一生に一度のことだからと披露宴で着る色打ち掛けくらいは伊緒里に選ばせてはどうかと口を挟んで、どうにか彼らに妥協させた――そのときでさえ、伊緒里は大人しく口を噤んでいた。主張がないというよりは、うるさい老人たちとの付き合い方を心得た人なのだろうが。これがたとえば三輪本家の卯月であれば「晴れの舞台で着るものも選べないだなんて御免だわ。わたし、おばあさまやおばさまたちのように我慢はしない主義なの」と喧嘩の一つでも売ったであろうし、辰史にしても「じゃあ俺は御祖父様の名前だけを継ぐから、一族は勝手に凋落してくれ」と、それくらいは言うに違いない。そうしたやり取りを過去に何度か目にしたことがあっただけに、丑雄はかえって考え込んでしまうのだった。
結婚式。花嫁姿。といえば、個人差はあるに違いないが大抵の女性には理想があるのではないだろうか。

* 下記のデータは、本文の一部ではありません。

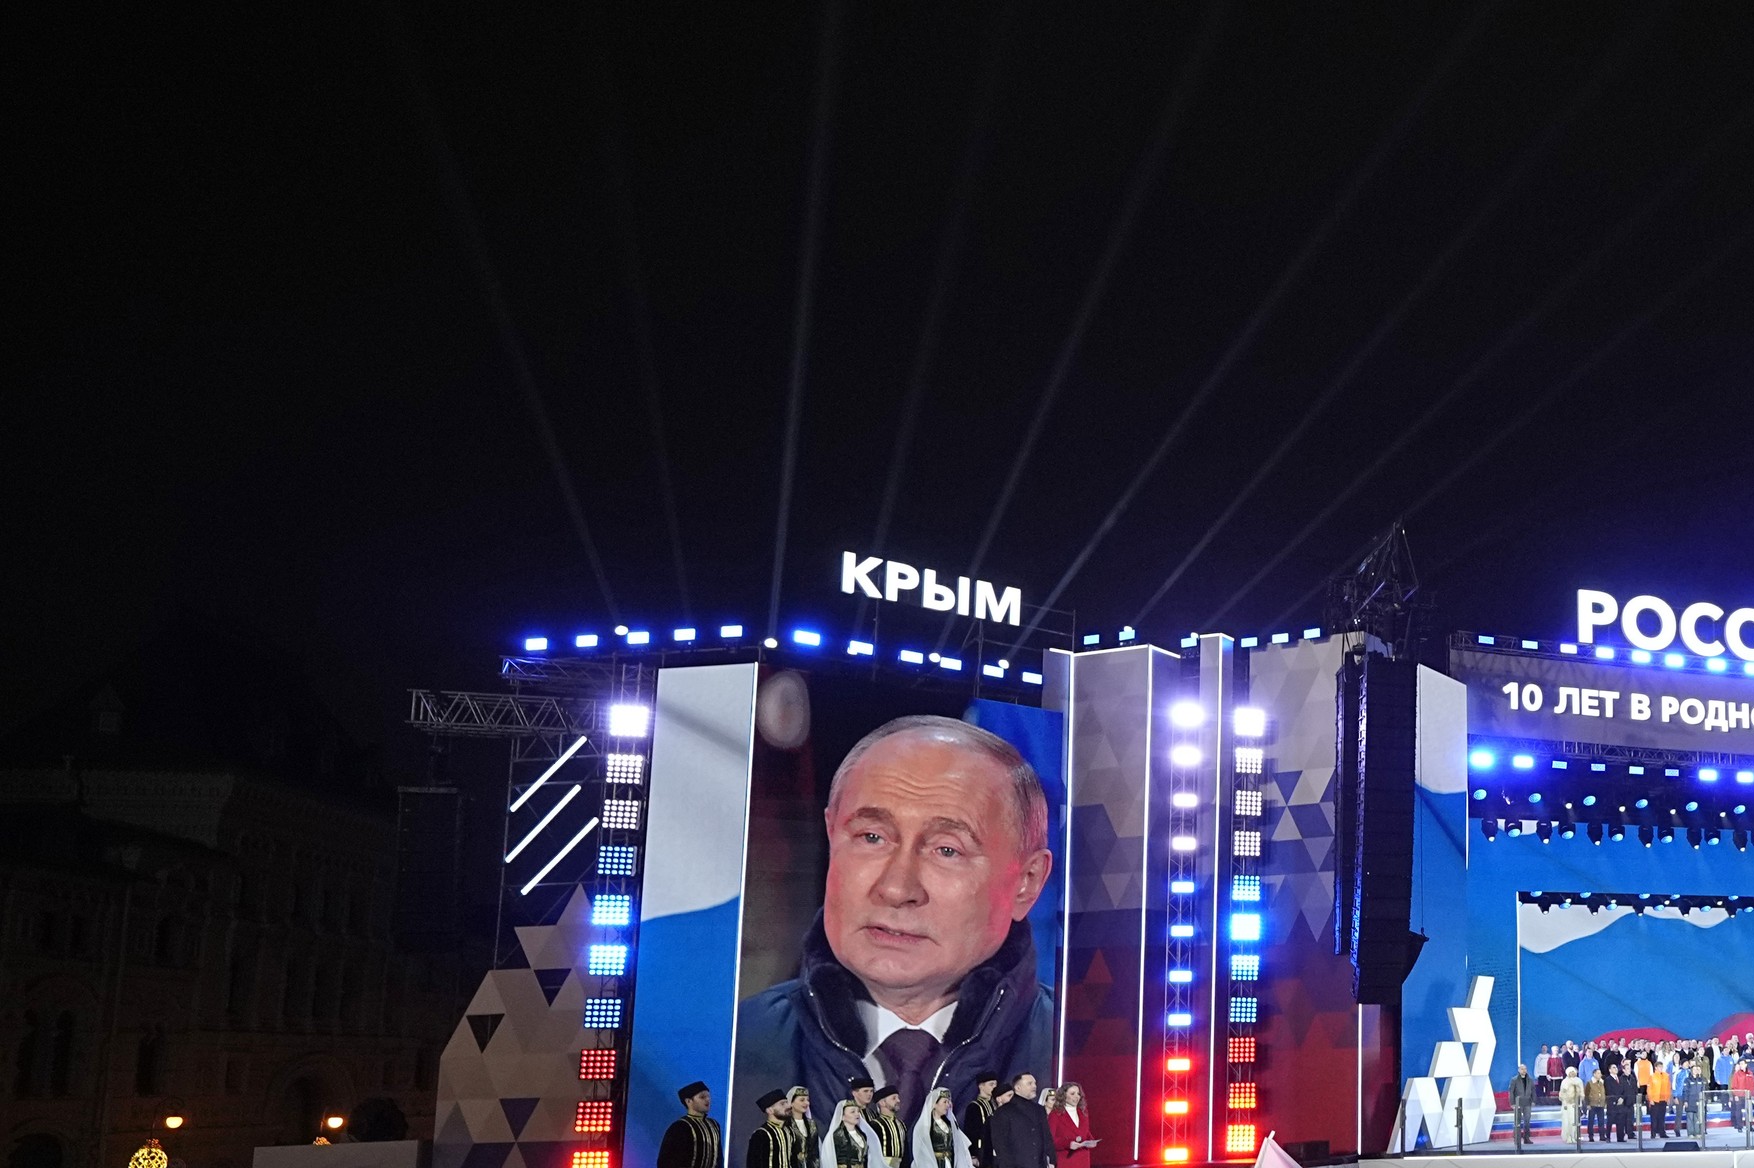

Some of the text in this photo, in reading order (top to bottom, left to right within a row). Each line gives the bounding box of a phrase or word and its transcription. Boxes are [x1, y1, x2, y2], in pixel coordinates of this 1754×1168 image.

丑雄にしてみれば不毛の一言に尽きた打ち合わせののち――三輪本家から帰宅して、丹塗矢邸である。どこか店の方がいいかとも思ったが、伊緒里の用件が分からなかったため邸に呼んだ。客間に伊緒里を通した丑雄は、彼女に訊ねていた。
「君は、あれでよかったのか」
従兄弟たちにするような言い方で彼女と話すのは些か抵抗があったものの、今日のうちに何度か他人行儀がすぎると、大叔母や伯母だけでなく羽黒の女たちからもたしなめられてしまってはそういうものかと納得してみせる他なかった。
「あれ、とは」
妙に大人びた彼女だが、小首を傾げる仕草をすると歳相応に見える。
「式のことだ。なに一つ、自分たちで決めていない」
「なに一つ、ではありません。色打ち掛けは、わたしが選ばせていただきました」
「それだけだ。他にも希望はあっただろうに」
言いながら溜息が零れたのは、秋寅との会話を思い出したからだった。
――年寄りどもの好きにさせるよりは俺の傍で自由にさせてやりたいと思ったから、彼女とそう約束した。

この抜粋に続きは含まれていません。